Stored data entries

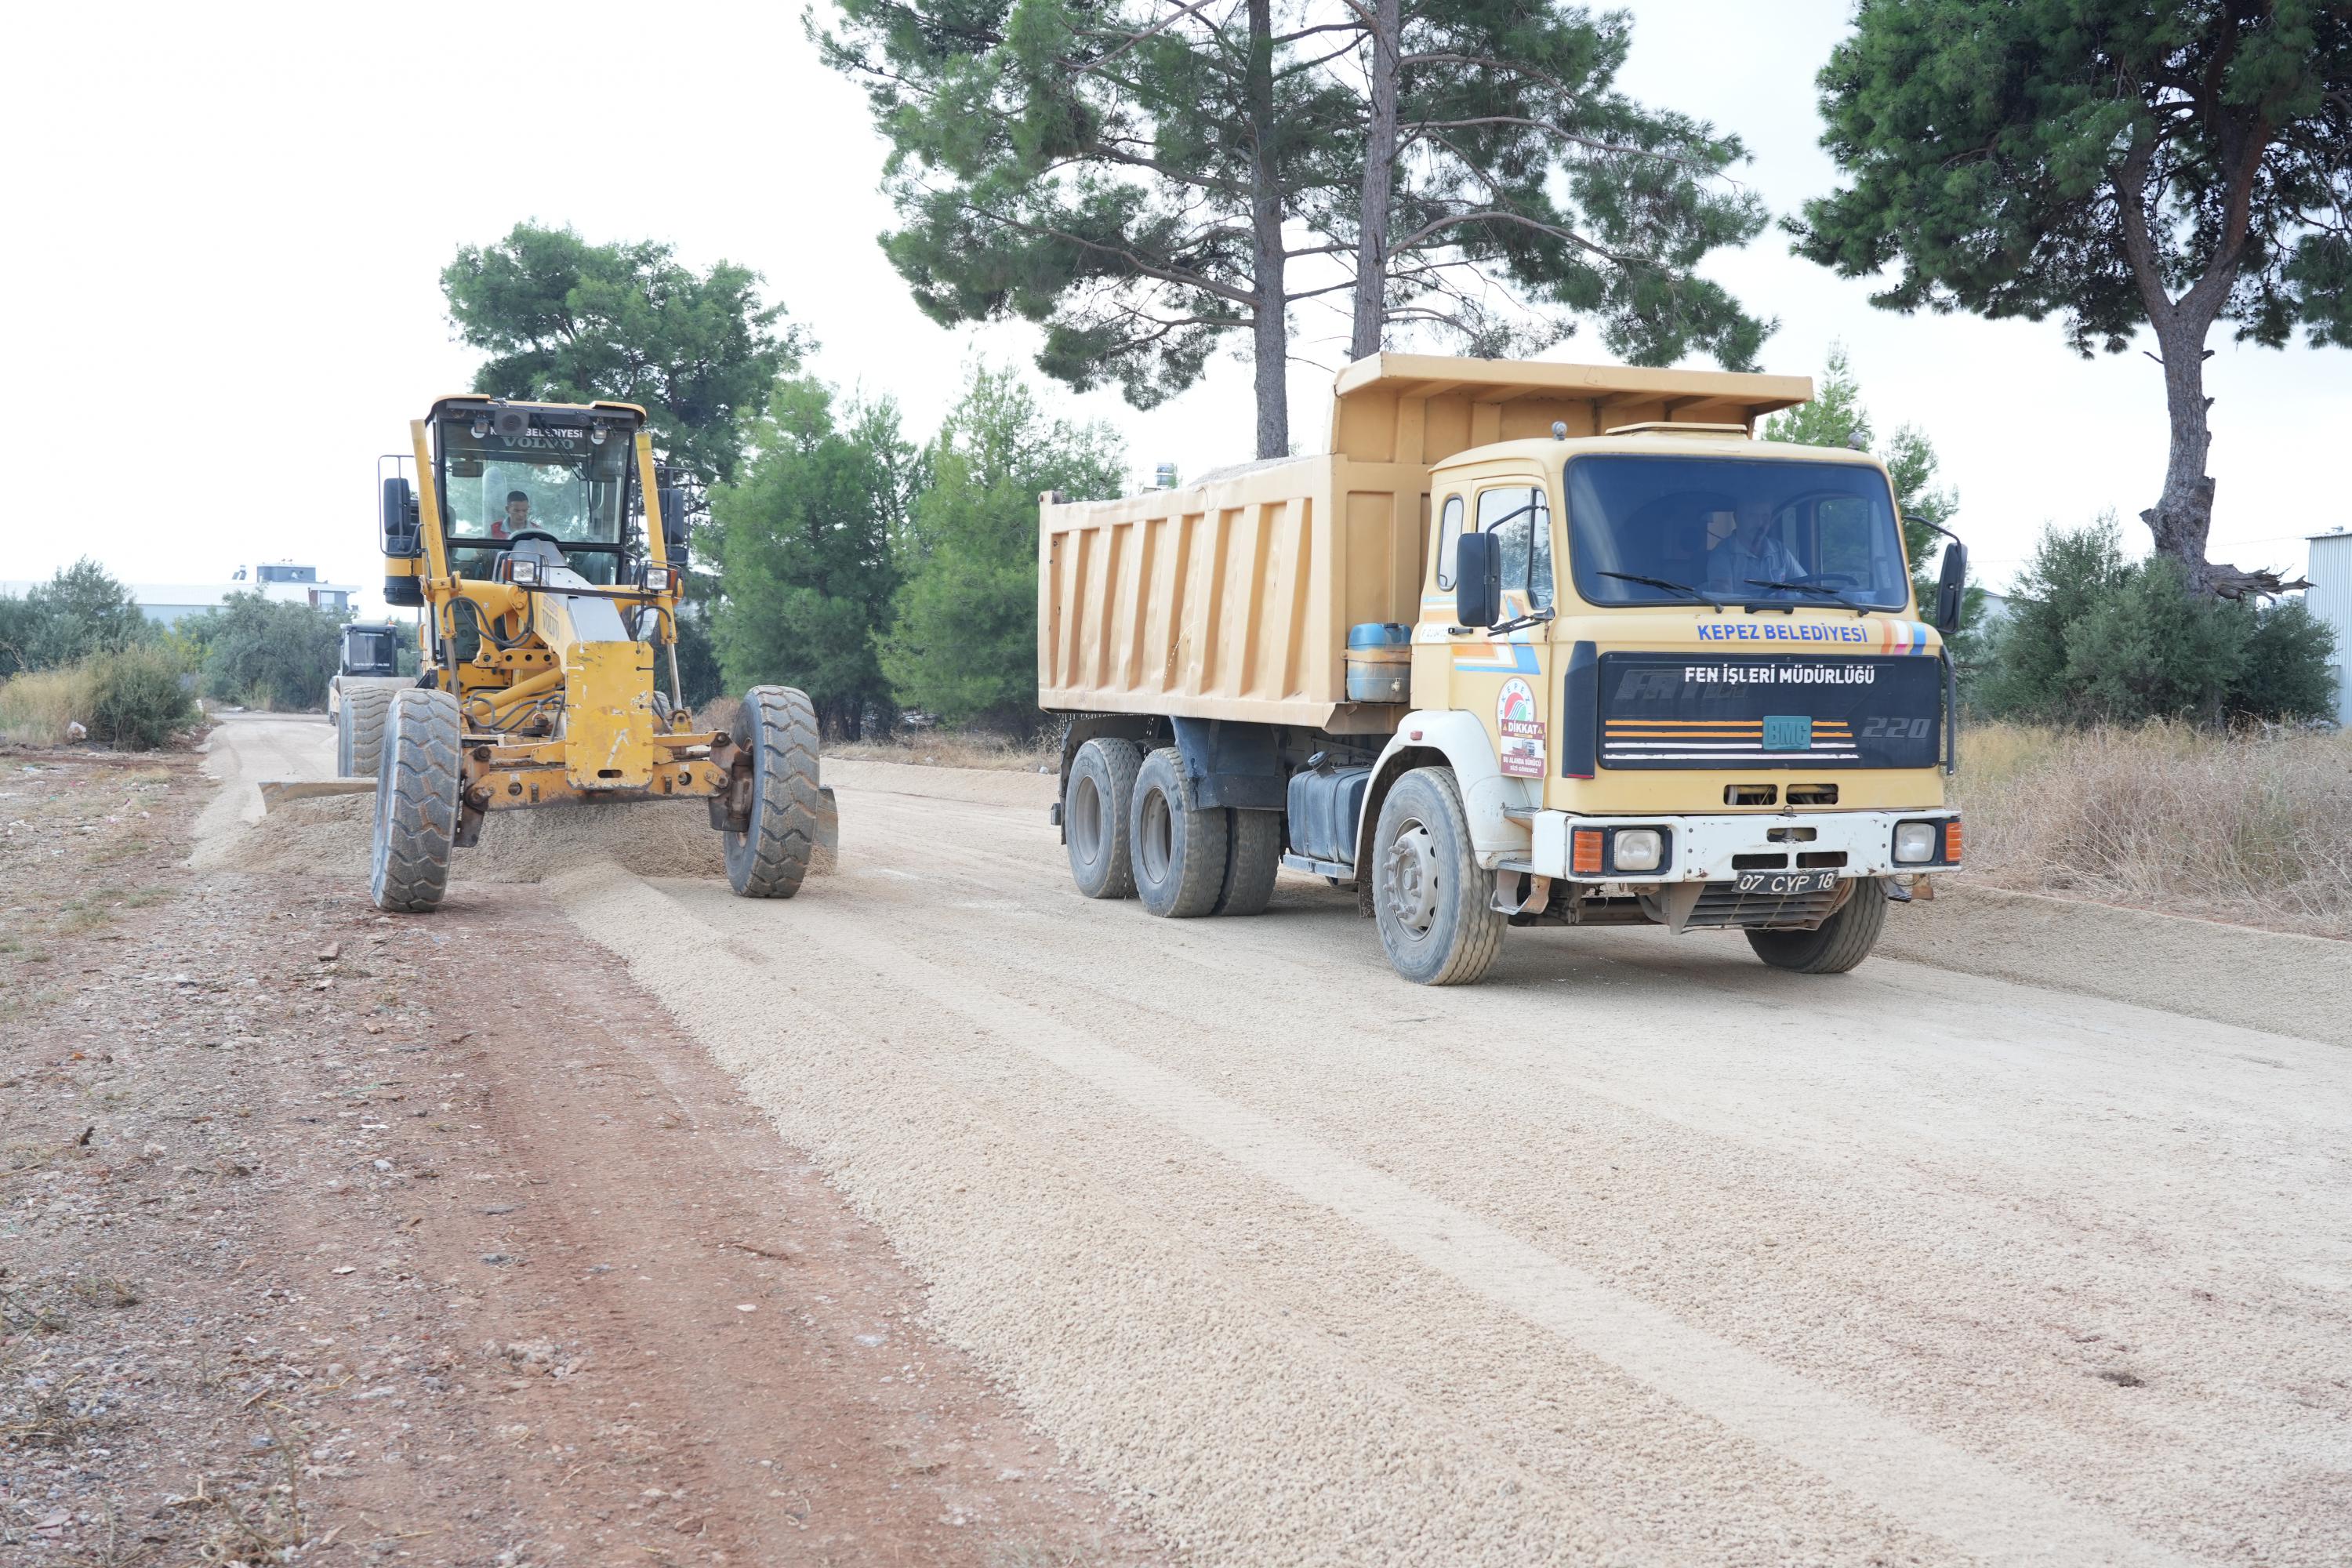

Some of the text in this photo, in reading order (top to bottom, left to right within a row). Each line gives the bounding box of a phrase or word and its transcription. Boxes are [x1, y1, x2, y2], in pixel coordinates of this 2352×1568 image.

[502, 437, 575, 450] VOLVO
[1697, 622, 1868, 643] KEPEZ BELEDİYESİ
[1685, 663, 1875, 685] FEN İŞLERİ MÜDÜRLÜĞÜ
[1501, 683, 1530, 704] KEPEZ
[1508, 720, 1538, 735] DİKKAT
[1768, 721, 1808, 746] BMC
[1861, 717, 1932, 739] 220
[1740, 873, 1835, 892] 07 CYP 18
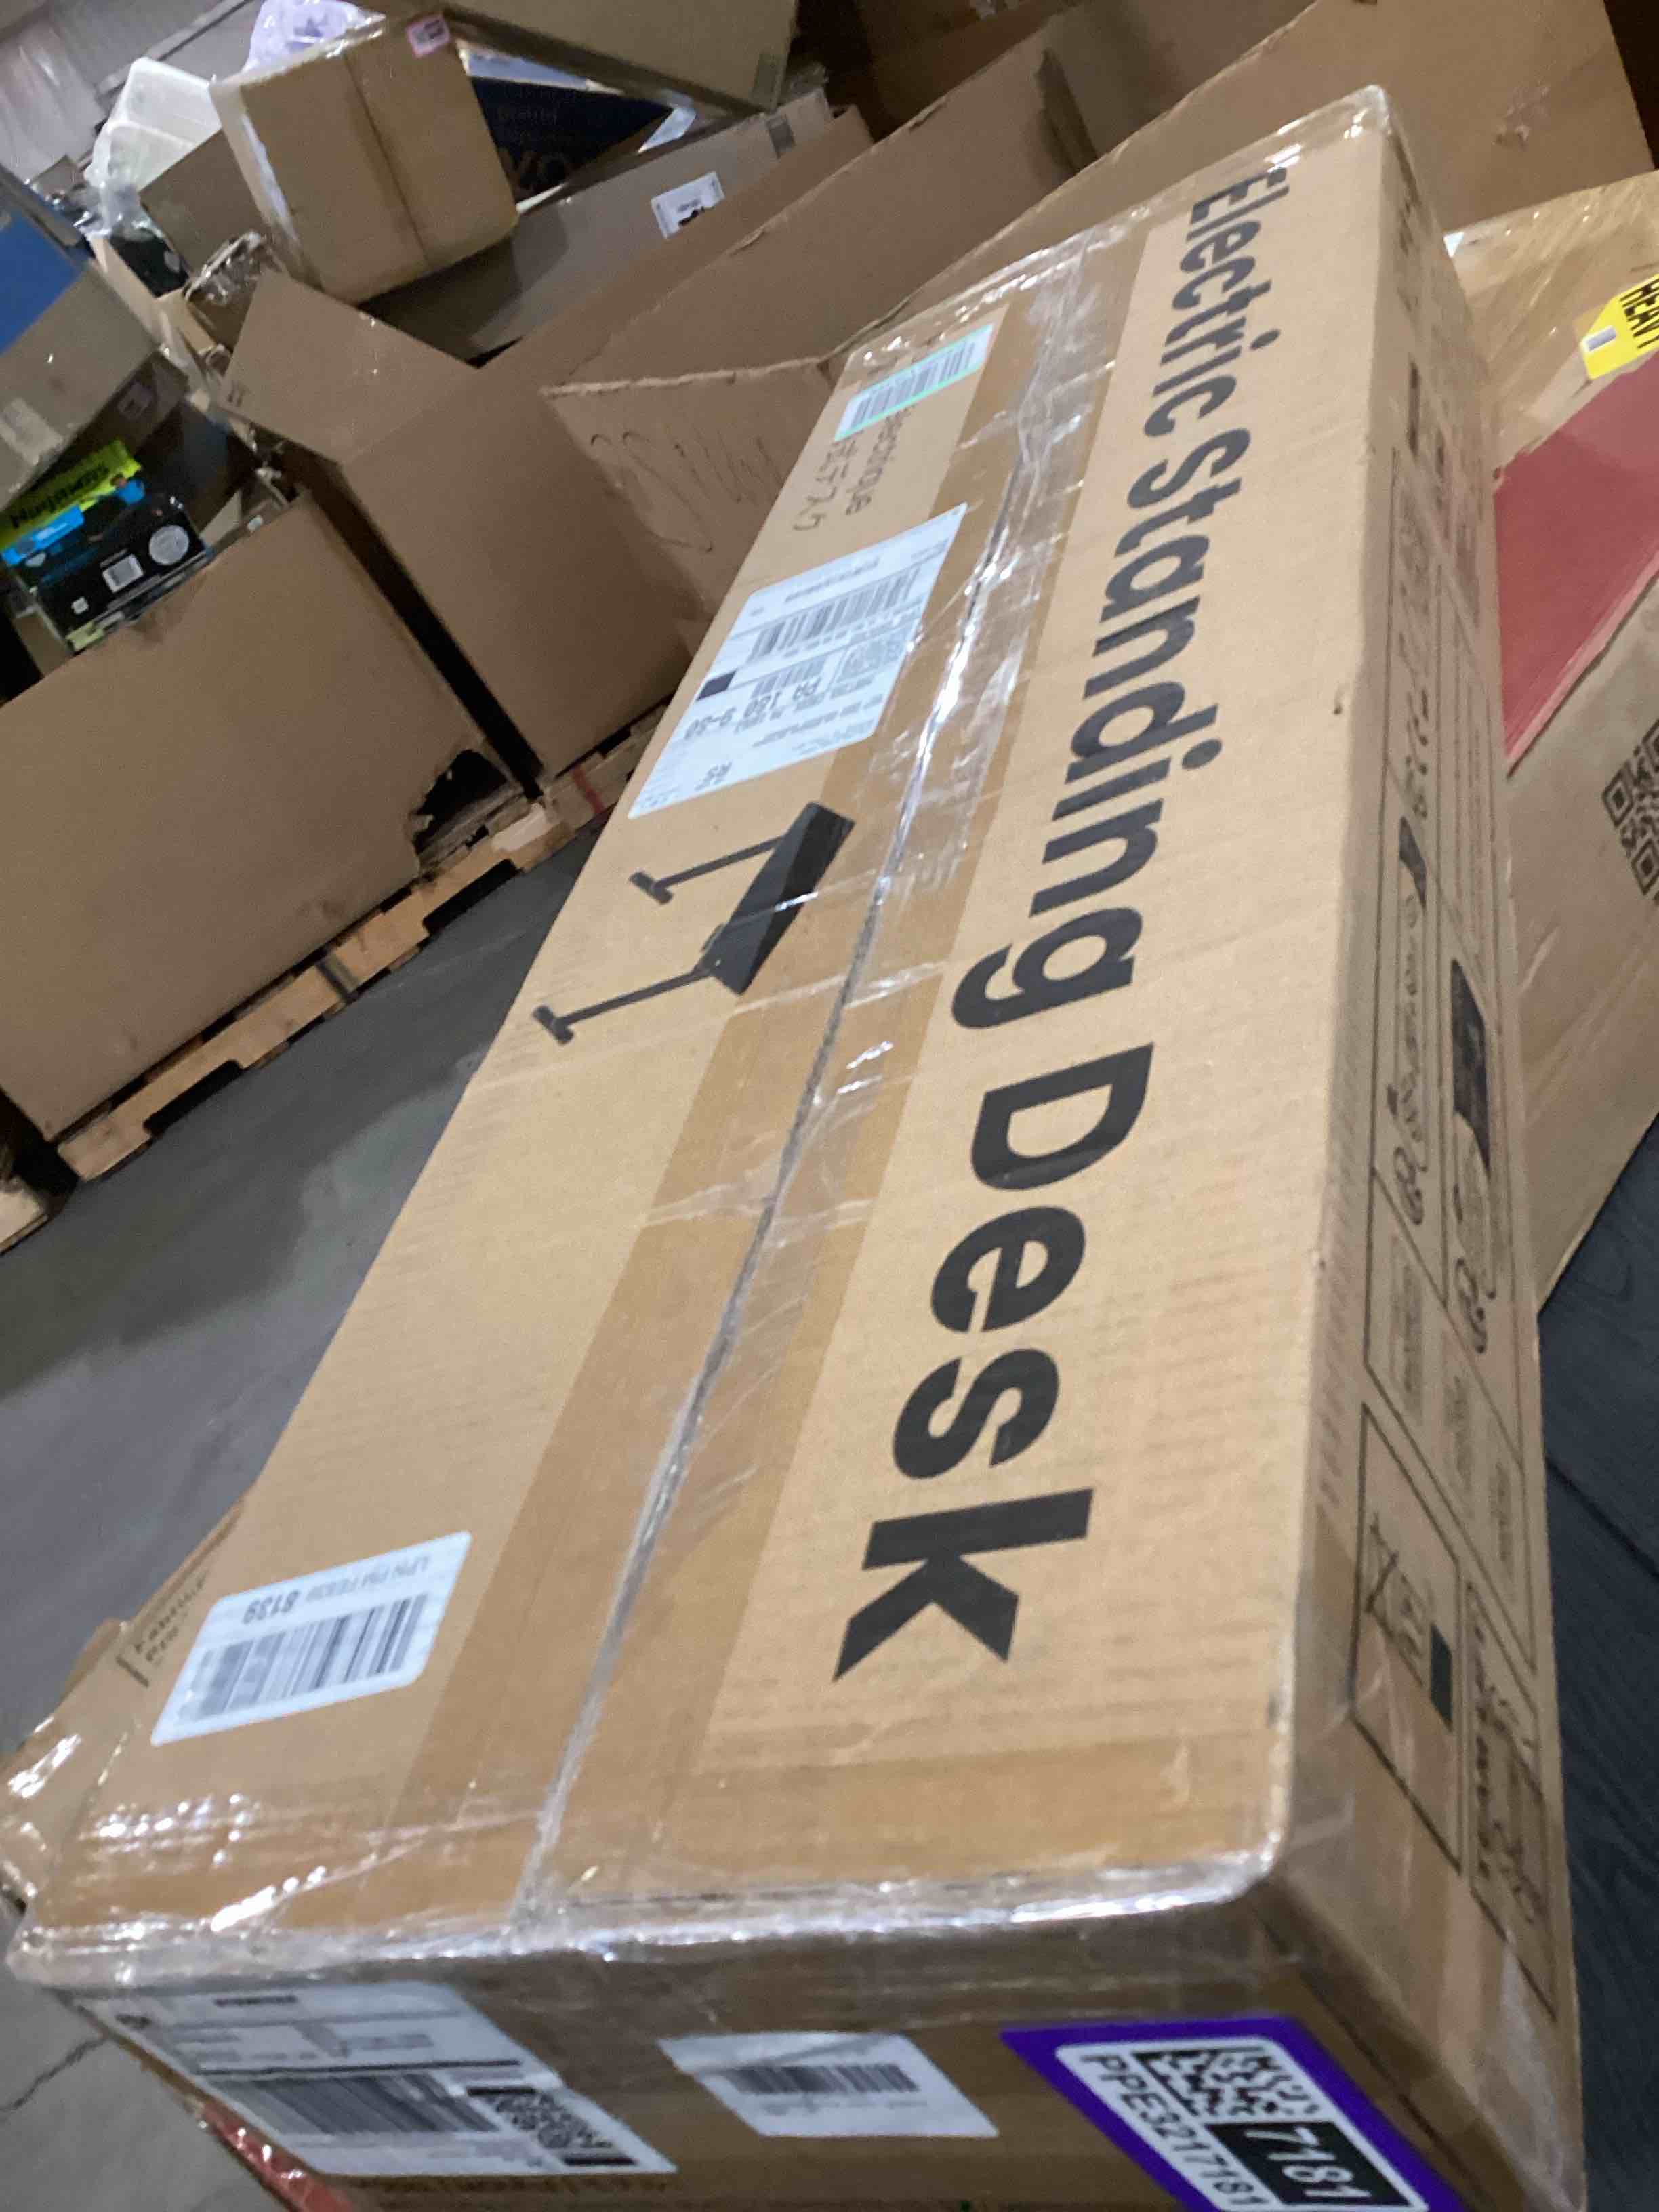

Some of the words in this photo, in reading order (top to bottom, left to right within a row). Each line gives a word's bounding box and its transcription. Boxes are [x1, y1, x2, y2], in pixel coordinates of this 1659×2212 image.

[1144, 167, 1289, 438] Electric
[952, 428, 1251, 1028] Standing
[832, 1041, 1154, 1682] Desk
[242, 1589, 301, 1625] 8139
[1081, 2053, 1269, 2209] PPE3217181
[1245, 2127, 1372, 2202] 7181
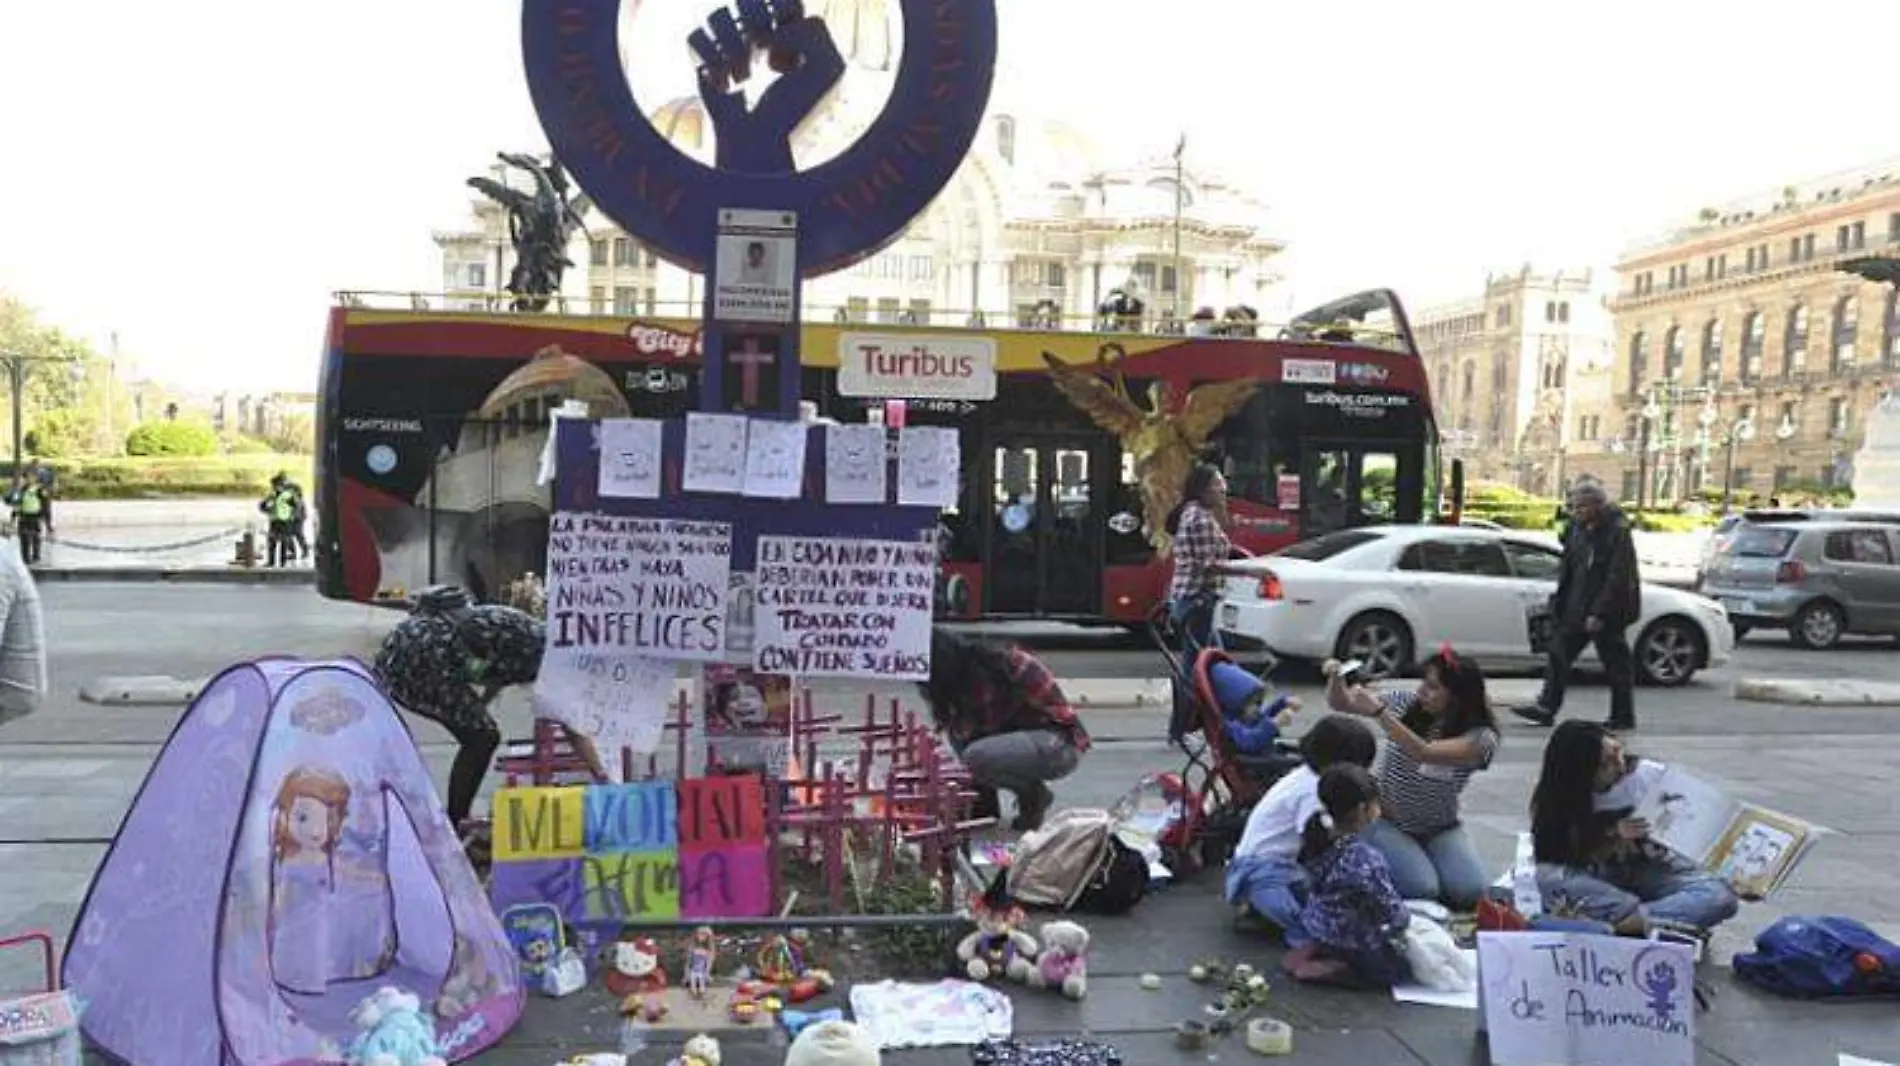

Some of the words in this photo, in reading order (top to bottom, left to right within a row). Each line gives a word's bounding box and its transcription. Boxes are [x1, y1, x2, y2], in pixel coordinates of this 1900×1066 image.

→ What this task involves: A word-for-word transcription of the entries above, free of images, is what is wanted.

→ Answer to the exercise:
Some of the text in this photo, in reading order (top to bottom, left to right within a row). Each line gives the bounding box of a phrase or word and its transcription. Boxes are [x1, y1, x2, y2], in pixel coordinates of this 2352×1568 image.

[502, 437, 575, 450] VOLVO
[1697, 622, 1868, 643] KEPEZ BELEDİYESİ
[1685, 663, 1875, 685] FEN İŞLERİ MÜDÜRLÜĞÜ
[1501, 683, 1530, 704] KEPEZ
[1508, 720, 1538, 735] DİKKAT
[1768, 721, 1808, 746] BMC
[1861, 717, 1932, 739] 220
[1740, 873, 1835, 892] 07 CYP 18

Some of the words in this photo, in reading order (top to bottom, left to right within a row). Each line gives a word's bounding box and its transcription. Boxes are [x1, y1, x2, y2], in pixel coordinates of this 1659×2212 image.

[1144, 167, 1289, 438] Electric
[952, 428, 1251, 1028] Standing
[832, 1041, 1154, 1682] Desk
[242, 1589, 301, 1625] 8139
[1081, 2053, 1269, 2209] PPE3217181
[1245, 2127, 1372, 2202] 7181

Some of the words in this photo, in reading order (top to bottom, left to right within a row). Each line gives a word's bounding box and its transcription. Boxes are [x1, y1, x2, y2], in pixel coordinates of this 1900×1066 image.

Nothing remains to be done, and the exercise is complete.